§ **Work task**:
What you return should be the full listing, word for word, without a single image.
_ _ _
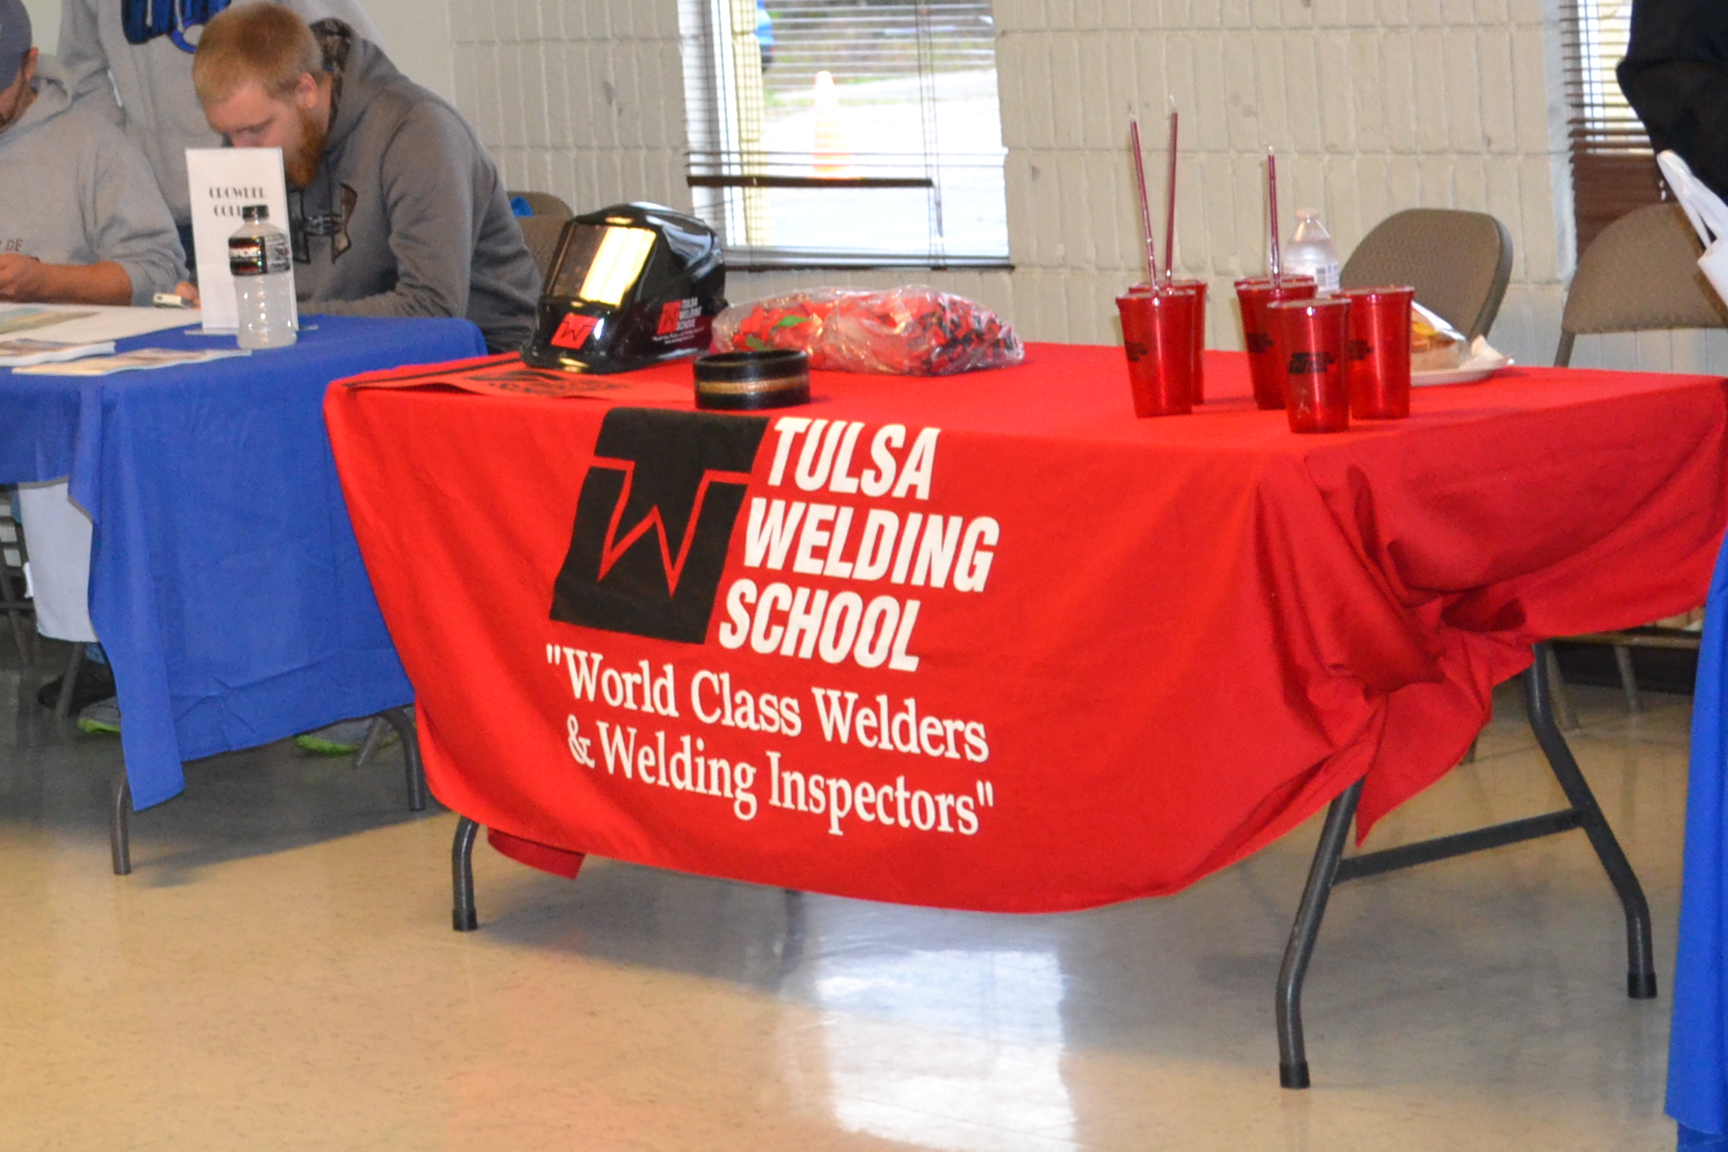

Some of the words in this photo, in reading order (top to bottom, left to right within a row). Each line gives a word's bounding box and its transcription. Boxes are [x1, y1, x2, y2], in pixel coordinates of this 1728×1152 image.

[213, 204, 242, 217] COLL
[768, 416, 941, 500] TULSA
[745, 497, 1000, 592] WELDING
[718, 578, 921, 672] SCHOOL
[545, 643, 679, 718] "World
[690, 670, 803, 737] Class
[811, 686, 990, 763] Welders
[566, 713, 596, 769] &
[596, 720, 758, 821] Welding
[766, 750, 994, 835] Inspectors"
_ _ _
§ **Finished task**:
Some of the words in this photo, in reading order (top to bottom, left to right within a row). Each line gives a word's bounding box and its transcription. Boxes are [x1, y1, x2, y2], in pixel coordinates of this 1728×1152 image.

[213, 204, 242, 217] COLL
[768, 416, 941, 500] TULSA
[745, 497, 1000, 592] WELDING
[718, 578, 921, 672] SCHOOL
[545, 643, 679, 718] "World
[690, 670, 803, 737] Class
[811, 686, 990, 763] Welders
[566, 713, 596, 769] &
[596, 720, 758, 821] Welding
[766, 750, 994, 835] Inspectors"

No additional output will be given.